START LISTED ENTRIES

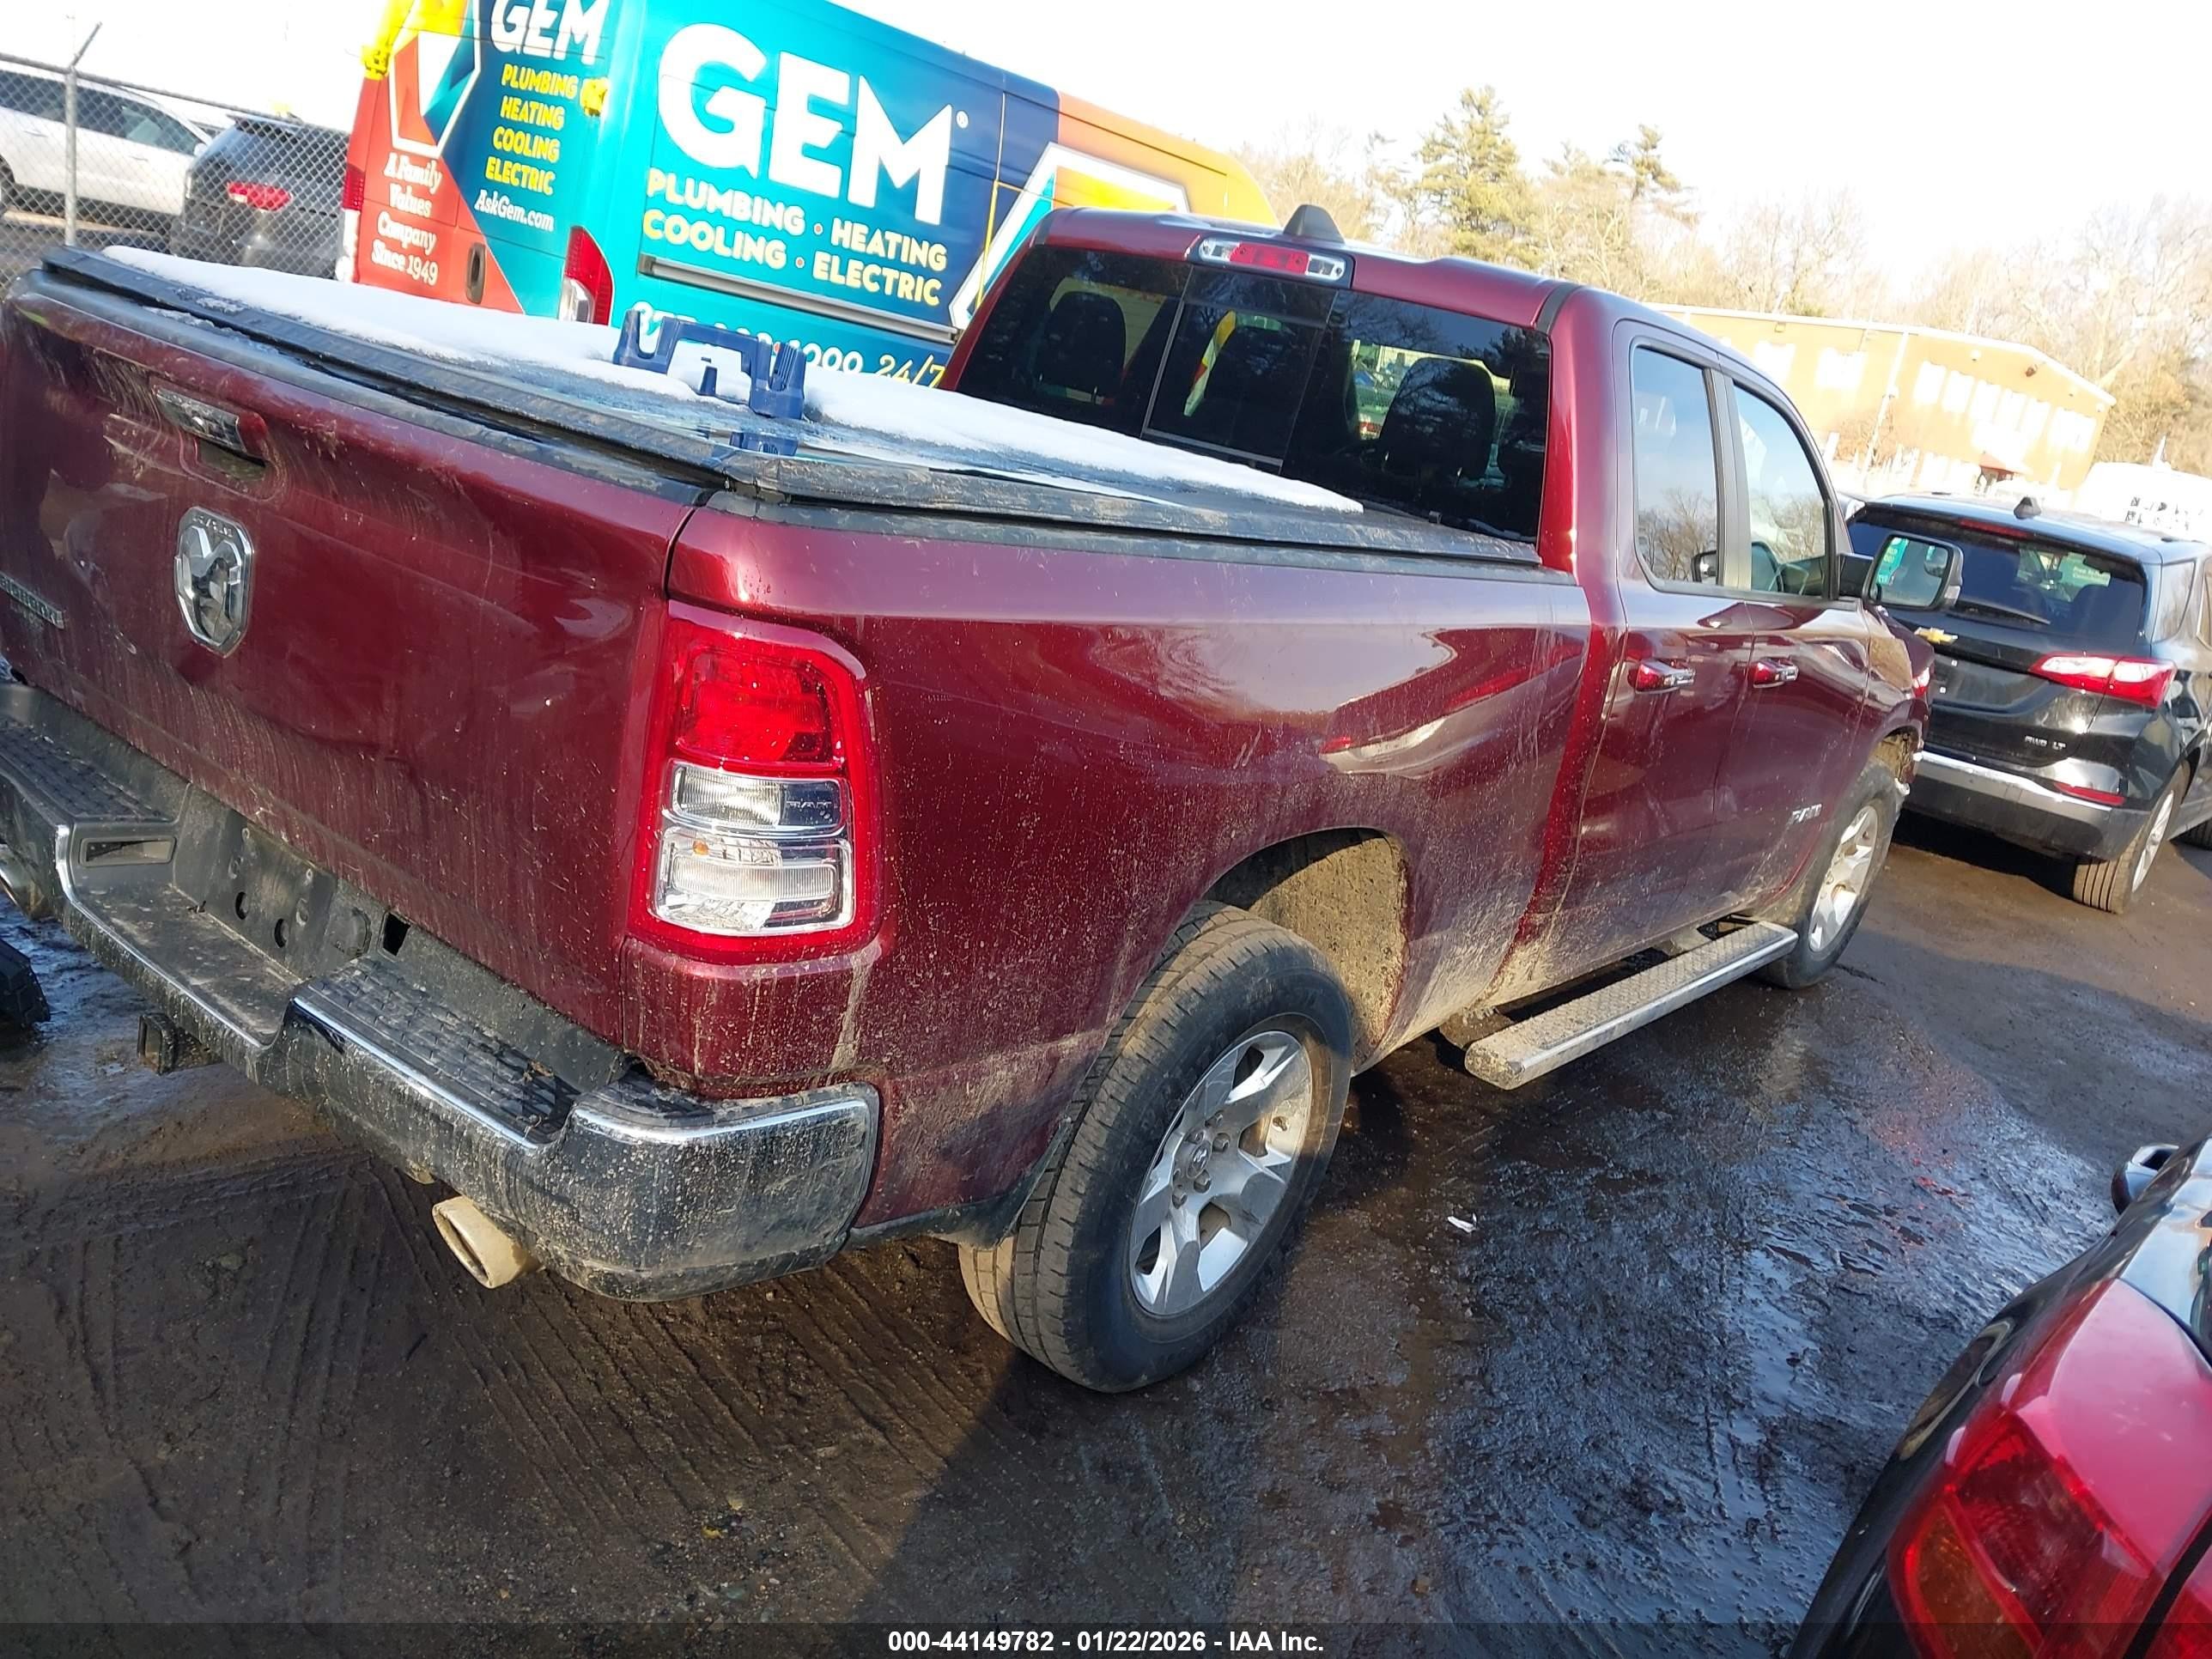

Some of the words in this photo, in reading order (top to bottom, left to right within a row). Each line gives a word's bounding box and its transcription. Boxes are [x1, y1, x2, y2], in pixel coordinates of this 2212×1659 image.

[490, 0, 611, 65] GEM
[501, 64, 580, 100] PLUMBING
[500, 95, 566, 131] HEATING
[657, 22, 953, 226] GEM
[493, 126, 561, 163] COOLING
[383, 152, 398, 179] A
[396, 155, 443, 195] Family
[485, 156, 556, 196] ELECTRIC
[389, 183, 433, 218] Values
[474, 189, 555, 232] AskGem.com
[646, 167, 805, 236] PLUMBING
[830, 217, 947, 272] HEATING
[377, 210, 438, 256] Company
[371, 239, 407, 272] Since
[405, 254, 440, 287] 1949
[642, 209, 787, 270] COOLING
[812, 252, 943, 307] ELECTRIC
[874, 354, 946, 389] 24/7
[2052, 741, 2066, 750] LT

END LISTED ENTRIES

**WHAT YOU WILL DO**
Please transcribe all of the entries word for word, with the pictures left out.

**COMPLETED EXERCISE**
Some of the words in this photo, in reading order (top to bottom, left to right within a row). Each line gives a word's bounding box and its transcription. Boxes are [x1, y1, x2, y2], in pixel coordinates of this 2212×1659 image.

[490, 0, 611, 65] GEM
[501, 64, 580, 100] PLUMBING
[500, 95, 566, 131] HEATING
[657, 22, 953, 226] GEM
[493, 126, 561, 163] COOLING
[383, 152, 398, 179] A
[396, 155, 443, 195] Family
[485, 156, 556, 196] ELECTRIC
[389, 183, 433, 218] Values
[474, 189, 555, 232] AskGem.com
[646, 167, 805, 236] PLUMBING
[830, 217, 947, 272] HEATING
[377, 210, 438, 256] Company
[371, 239, 407, 272] Since
[405, 254, 440, 287] 1949
[642, 209, 787, 270] COOLING
[812, 252, 943, 307] ELECTRIC
[874, 354, 946, 389] 24/7
[2052, 741, 2066, 750] LT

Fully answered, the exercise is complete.